American air-to-surface anti-radiation missile

The AGM-122 Sidearm was an American air-to-surface anti-radiation missile produced between 1986 and 1990. While not as capable as newer anti-radiation missiles, they were cheaper and lighter in weight allowing more versatile deployment.

==Development==
The AGM-122 Sidearm was produced by the re-manufacture of AIM-9C missiles that had been taken out of service. The AIM-9C was a semi-active radar homing variant of the Sidewinder, developed for the US Navy's Vought F-8 Crusader, but used for only a limited period of time. Conceived and developed at China Lake NAWS, the Sidearm was first tested in 1981. In 1984, Motorola was issued a contract to convert and upgrade AIM-9Cs to the AGM-122A standard. A total of about 700 units were produced between 1986 and 1990.

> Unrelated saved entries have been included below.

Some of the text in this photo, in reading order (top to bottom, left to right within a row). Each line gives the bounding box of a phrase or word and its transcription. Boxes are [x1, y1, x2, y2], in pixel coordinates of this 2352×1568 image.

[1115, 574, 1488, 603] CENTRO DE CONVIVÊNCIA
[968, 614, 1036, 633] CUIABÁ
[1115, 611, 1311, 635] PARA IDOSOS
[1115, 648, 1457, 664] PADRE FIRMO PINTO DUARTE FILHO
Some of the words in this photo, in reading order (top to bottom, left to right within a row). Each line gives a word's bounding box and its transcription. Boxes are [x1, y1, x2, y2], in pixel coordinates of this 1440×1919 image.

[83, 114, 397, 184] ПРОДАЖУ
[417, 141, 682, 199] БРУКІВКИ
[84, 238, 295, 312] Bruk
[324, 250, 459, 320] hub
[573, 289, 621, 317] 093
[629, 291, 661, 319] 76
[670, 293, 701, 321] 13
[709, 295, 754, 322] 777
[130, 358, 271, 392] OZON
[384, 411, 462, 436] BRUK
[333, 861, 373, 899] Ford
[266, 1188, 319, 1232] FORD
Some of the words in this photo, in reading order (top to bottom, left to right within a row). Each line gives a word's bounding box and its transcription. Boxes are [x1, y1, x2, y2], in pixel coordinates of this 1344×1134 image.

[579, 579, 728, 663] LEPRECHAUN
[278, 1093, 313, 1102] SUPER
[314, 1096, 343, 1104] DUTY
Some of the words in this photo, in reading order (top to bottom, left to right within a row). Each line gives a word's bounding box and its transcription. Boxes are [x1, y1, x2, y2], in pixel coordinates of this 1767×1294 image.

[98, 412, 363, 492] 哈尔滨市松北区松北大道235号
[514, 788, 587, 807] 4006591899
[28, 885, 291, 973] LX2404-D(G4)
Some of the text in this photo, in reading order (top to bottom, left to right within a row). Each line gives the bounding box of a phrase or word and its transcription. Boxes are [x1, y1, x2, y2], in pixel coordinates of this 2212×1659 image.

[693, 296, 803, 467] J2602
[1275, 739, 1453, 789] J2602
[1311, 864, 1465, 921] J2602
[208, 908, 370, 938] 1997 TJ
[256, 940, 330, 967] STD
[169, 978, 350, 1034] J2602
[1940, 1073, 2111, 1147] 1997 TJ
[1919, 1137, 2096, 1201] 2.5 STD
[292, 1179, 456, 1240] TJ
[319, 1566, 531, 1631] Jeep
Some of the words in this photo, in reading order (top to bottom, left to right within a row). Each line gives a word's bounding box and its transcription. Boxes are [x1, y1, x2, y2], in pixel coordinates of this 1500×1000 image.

Existing stocks of Sidearm have been depleted, and the missile is no longer in service. Proposals for new-build missiles, under the designation AGM-122B, have not been proceeded with to date.

The AGM-122 was less capable than newer anti-radiation missiles, such as the AGM-88 HARM, but also substantially cheaper, and its lighter weight enabled it to be carried by combat helicopters as well as fighter aircraft and fighter bombers. The missile was primarily fielded aboard Marine Corps AH-1T/W Sea Cobra attack helicopters, and Marine Corps AV-8B Harrier II jump jets, and could take the place of self-defense air to air missiles. The weapon retained the same warhead of the AIM-9C, which gave it a fairly limited destructive ability against armored vehicles. However, due to the nature of radiation homing missiles, the AGM-122 aimed for the radar emitter directly, all but guaranteeing the operational elimination of the target.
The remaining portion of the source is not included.